American Women’s and Gender History
Ellen Hartigan-O'Connor
History
UC Davis
Lisa Materson
History
UC Davis
In the early 1990s, feminist scholars developed gender as an analytical tool for deconstructing relationships of power sending a shock wave through the field of history. Some historians celebrated the prospect that gender history would replace women’s history with a more nuanced understanding of the interlocking historical categories of race, class, ethnicity, and sexuality. Others asserted that gender history would refocus attention away from women and back onto men. In the 2000s, transnational and global history transformed the field again, challenging frameworks situating identities and institutions within national boundaries. The debates surrounding these new challenges are still in their formative stages and have lively iterations in other disciplines beyond history. It is therefore an ideal moment to collaborate on a new synthesis of gender and women’s lives in American history, integrating transnational and international contexts.This conference was open to the public and featured leading scholars of American women’s and gender history from across the country.

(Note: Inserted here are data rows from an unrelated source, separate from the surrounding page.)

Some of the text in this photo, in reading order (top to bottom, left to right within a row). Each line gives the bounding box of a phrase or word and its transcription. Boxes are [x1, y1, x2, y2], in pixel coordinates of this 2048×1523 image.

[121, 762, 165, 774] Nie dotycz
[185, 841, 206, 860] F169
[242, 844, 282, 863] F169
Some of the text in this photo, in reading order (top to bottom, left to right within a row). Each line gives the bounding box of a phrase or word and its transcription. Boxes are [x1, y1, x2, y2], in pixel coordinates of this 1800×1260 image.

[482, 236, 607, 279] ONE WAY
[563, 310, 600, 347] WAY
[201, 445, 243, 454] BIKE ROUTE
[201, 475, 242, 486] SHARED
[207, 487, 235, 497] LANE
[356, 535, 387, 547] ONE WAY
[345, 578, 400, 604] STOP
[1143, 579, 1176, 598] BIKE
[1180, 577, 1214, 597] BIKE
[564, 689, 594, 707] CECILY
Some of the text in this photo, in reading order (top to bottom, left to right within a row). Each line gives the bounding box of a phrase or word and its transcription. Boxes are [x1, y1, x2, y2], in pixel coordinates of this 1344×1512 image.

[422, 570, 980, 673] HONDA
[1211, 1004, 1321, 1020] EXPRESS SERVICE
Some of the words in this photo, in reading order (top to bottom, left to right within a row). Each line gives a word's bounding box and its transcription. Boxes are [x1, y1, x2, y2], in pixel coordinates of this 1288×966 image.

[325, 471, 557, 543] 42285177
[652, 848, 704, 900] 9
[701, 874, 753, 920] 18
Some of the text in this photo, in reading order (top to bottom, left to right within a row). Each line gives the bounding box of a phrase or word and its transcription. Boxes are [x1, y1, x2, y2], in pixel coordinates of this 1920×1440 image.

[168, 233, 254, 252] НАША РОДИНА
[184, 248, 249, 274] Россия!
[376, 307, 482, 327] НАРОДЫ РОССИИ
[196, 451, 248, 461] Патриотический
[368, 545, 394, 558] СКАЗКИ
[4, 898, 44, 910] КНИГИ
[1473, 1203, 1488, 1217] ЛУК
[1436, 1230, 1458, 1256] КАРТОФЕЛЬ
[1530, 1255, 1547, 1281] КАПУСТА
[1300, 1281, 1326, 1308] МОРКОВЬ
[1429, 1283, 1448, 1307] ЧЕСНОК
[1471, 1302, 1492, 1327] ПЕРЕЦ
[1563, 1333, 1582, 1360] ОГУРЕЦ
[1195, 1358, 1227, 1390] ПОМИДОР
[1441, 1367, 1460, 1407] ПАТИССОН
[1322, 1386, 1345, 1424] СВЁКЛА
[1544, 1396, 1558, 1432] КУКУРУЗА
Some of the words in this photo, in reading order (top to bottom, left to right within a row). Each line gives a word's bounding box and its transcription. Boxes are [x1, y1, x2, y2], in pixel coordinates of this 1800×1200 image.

Each is a contributor to an addition of the high profile Oxford Handbook series, The Oxford Handbook of American Women’s and Gender History. Generously supported by the UC Davis Offices of the Provost and Chancellor, the UCHRI, the Davis Humanities Institute, the Institute for Social Sciences, and the Department of History, this conference was designed both to workshop contributors’ papers and to engage a broad audience from across multiple disciplines.